Burkina Faso proves Africa can be tough against political violence
On September 17, members of Burkina Faso’s elite presidential guard led by General Diendere interrupted a cabinet meeting of Burkina Faso’s transitional government, seized the interim president and prime minister and declared a coup, and the world responded with an outrage. The UN, EU and the AU, among several other international organizations and foreign countries immediately demanded that the transitional government—who were preparing for an election in two weeks—was returned to power.
The statement of the African Union was particularly strong, when it called the coup “null and void.” However, the regional organization, the Economic Community of West African States (ECOWAS), failed to tow a similar hard line. Instead, it sent over a mediation group—led by the Presidents of Benin Republic and Senegal—which within 48 hours announced a proposal to grant the coup plotters amnesty from their crime, allow allies of former president Compaore to participate in the general elections and shift the date for the polls. Given that these were most of the reasons for which the coup plotters took power in the first place, the draft proposal was criticised by both internal and external civil society groups as an appeasement for a group that had just carried out criminal acts.

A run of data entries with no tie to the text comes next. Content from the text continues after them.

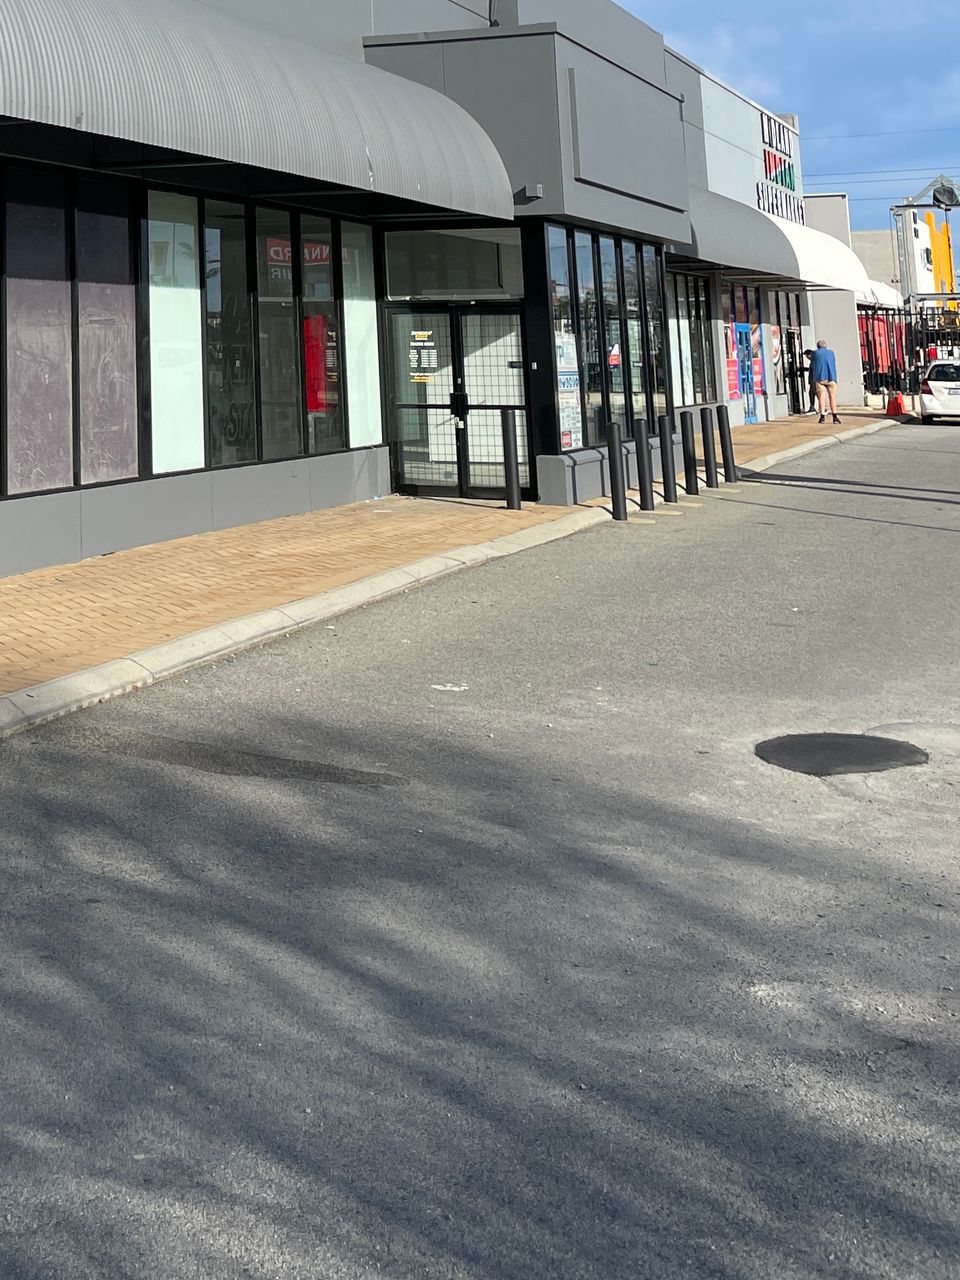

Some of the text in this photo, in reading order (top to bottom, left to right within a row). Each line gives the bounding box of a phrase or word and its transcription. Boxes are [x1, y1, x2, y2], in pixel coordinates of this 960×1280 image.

[760, 113, 793, 158] MIDLAND
[763, 149, 795, 192] INDIAN
[756, 180, 806, 227] SUPERMARKET
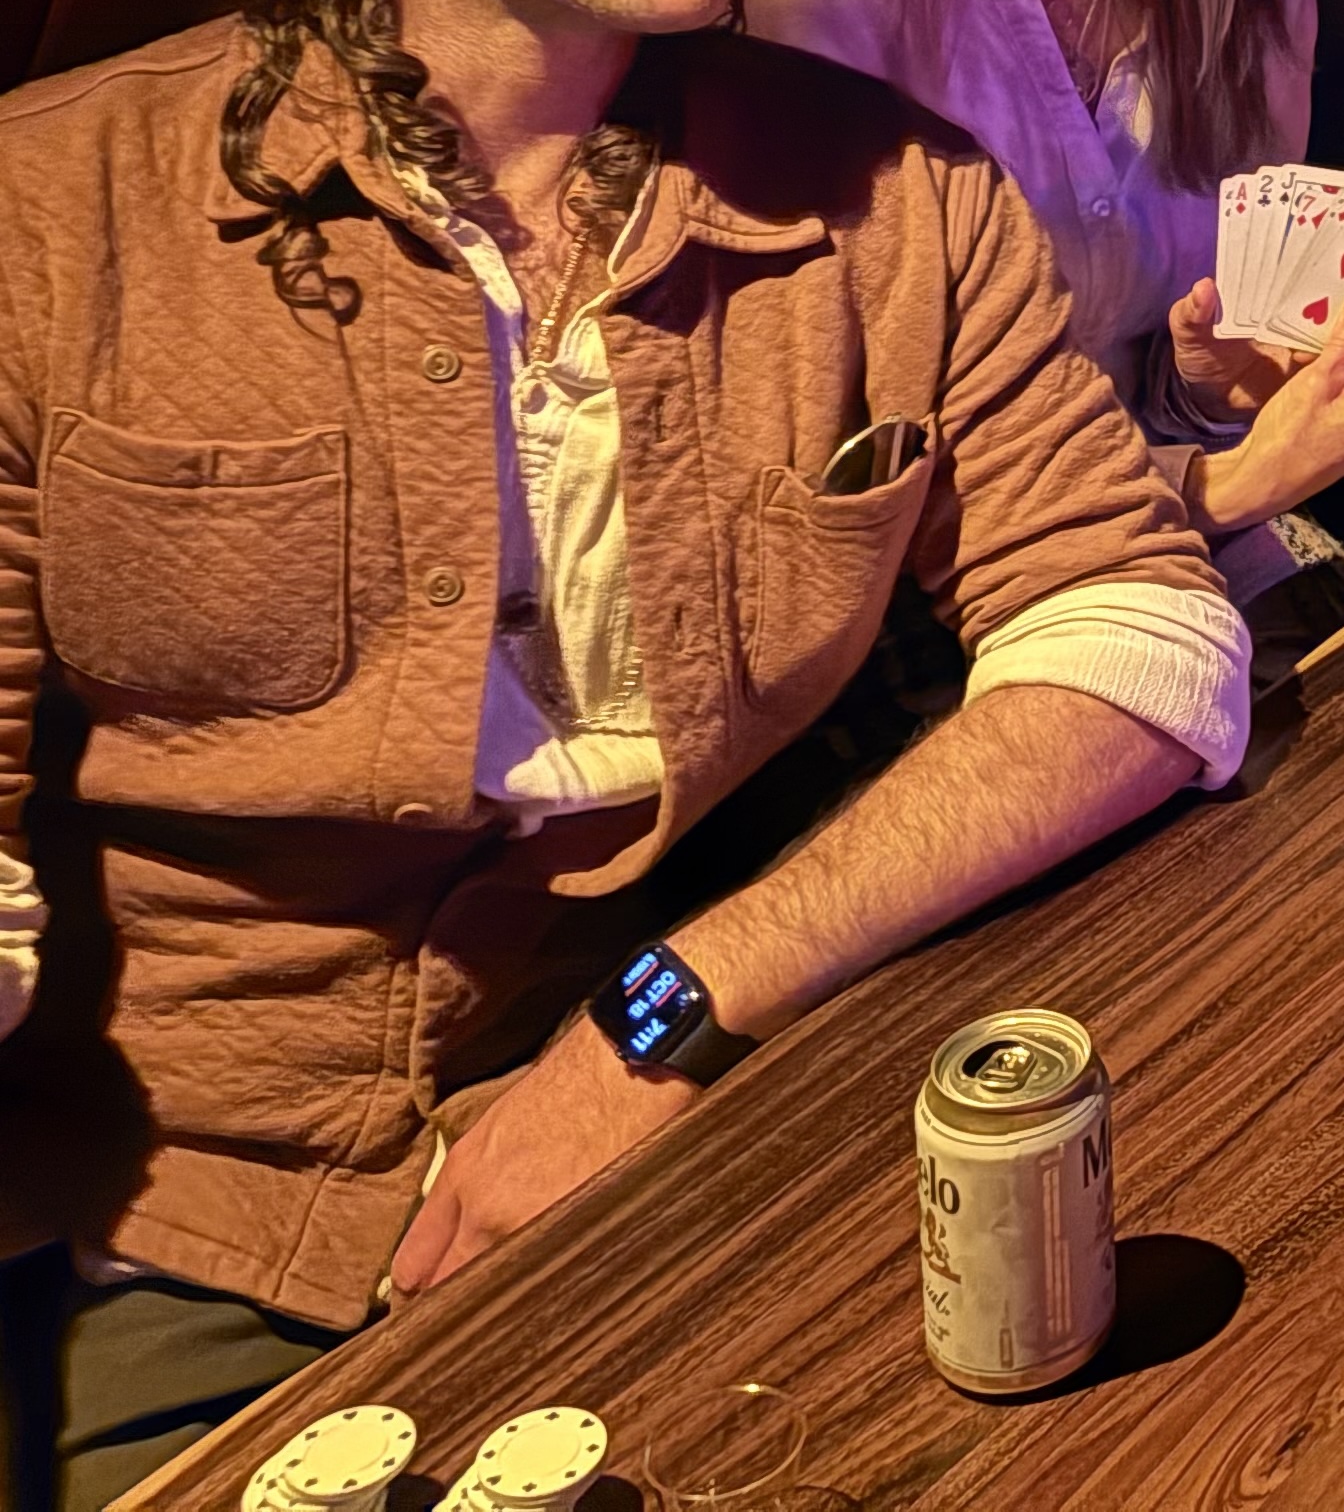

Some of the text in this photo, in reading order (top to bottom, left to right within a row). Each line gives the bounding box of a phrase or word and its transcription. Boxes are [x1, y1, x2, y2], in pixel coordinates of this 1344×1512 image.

[1260, 175, 1274, 193] 2
[1281, 172, 1297, 189] J
[1236, 182, 1247, 200] A
[1302, 195, 1316, 212] 7
[645, 971, 677, 1004] OCT
[630, 1018, 669, 1053] 7:11
[918, 1155, 960, 1215] elo
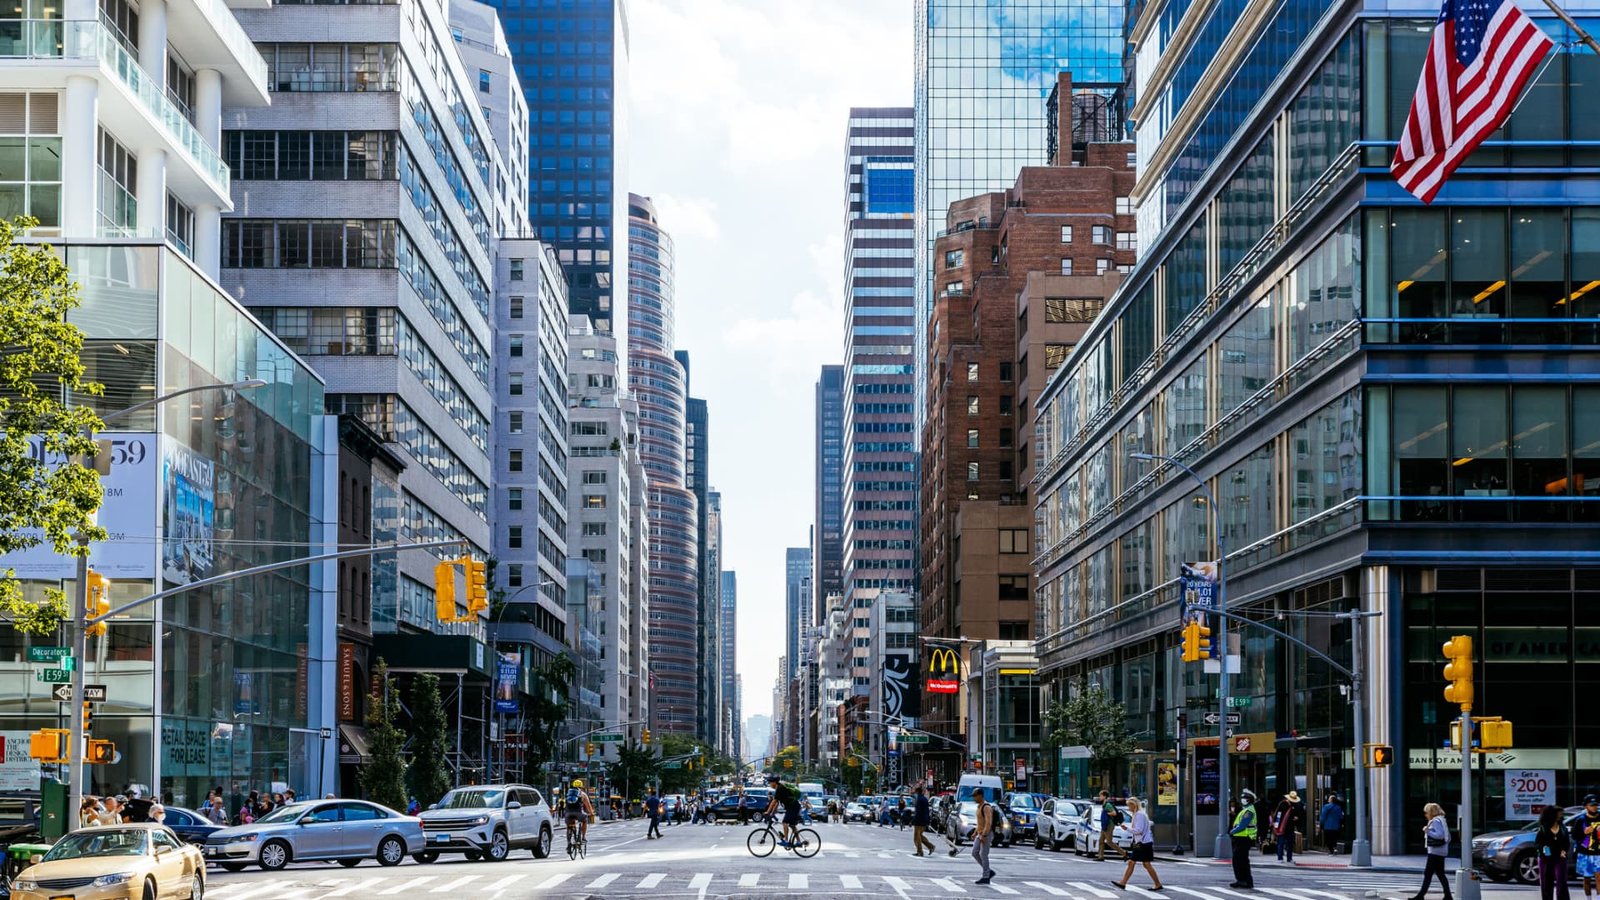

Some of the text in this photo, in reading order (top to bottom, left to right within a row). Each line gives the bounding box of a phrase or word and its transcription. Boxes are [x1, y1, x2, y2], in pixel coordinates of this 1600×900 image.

[32, 648, 67, 657] Decorators
[46, 670, 51, 681] E
[52, 670, 62, 681] 59
[162, 728, 206, 746] RETAIL SPACE
[170, 748, 184, 764] FOR
[185, 748, 206, 764] LEASE
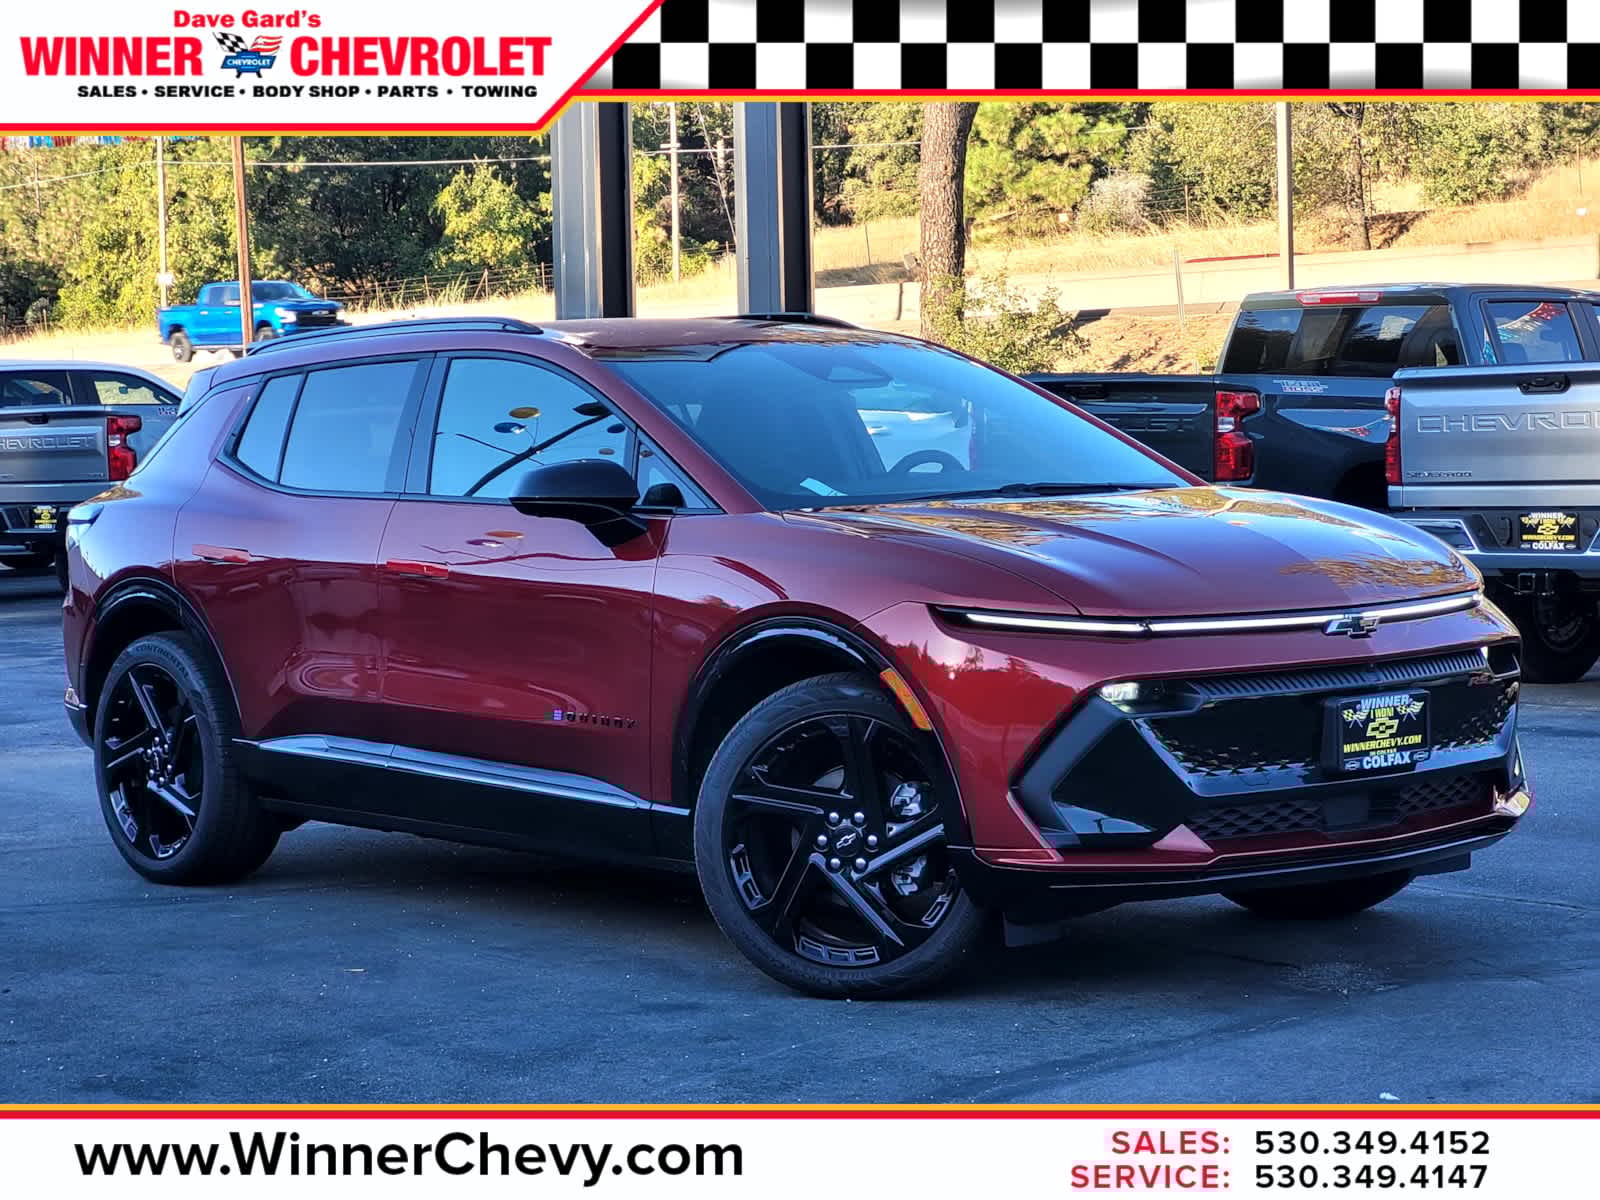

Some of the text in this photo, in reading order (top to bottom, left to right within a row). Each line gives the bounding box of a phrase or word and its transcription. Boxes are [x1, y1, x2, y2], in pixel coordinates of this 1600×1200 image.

[1417, 410, 1600, 433] CHEVRO
[1532, 542, 1565, 550] COLFAX
[1361, 695, 1410, 712] WINNER
[1343, 734, 1422, 753] WINNERCHEVY.COM
[1362, 751, 1411, 769] COLFAX

“We cannot accept an ECOWAS decision that would allow the assassins to get off free,” said Serge Bambara, the leader of Balai Citoyen—one of the popular opposition movements that led the protests to remove former President Blaise Compaoré from power—said in reference to General Diendere and his men. “The people of Burkina Faso cannot accept an amnesty for assassins of their people. And they will also not accept that the assassins’ accomplices be allowed to participate in elections that the people have fought for,” he added. Cynthia Ohayon, an analyst with the international crisis group, says it could have been the mediation team’s obsession with obtaining results too quickly that made it offer the widely rejected deal. Instead the regional body only inflamed the situation. “ECOWAS lost all its credit (it was already suspected of bias towards the former regime) among the population, civil society and most political parties. Seeing that ECOWAS was offering an agreement that was unacceptable, the army decided to take matters in its own hand.”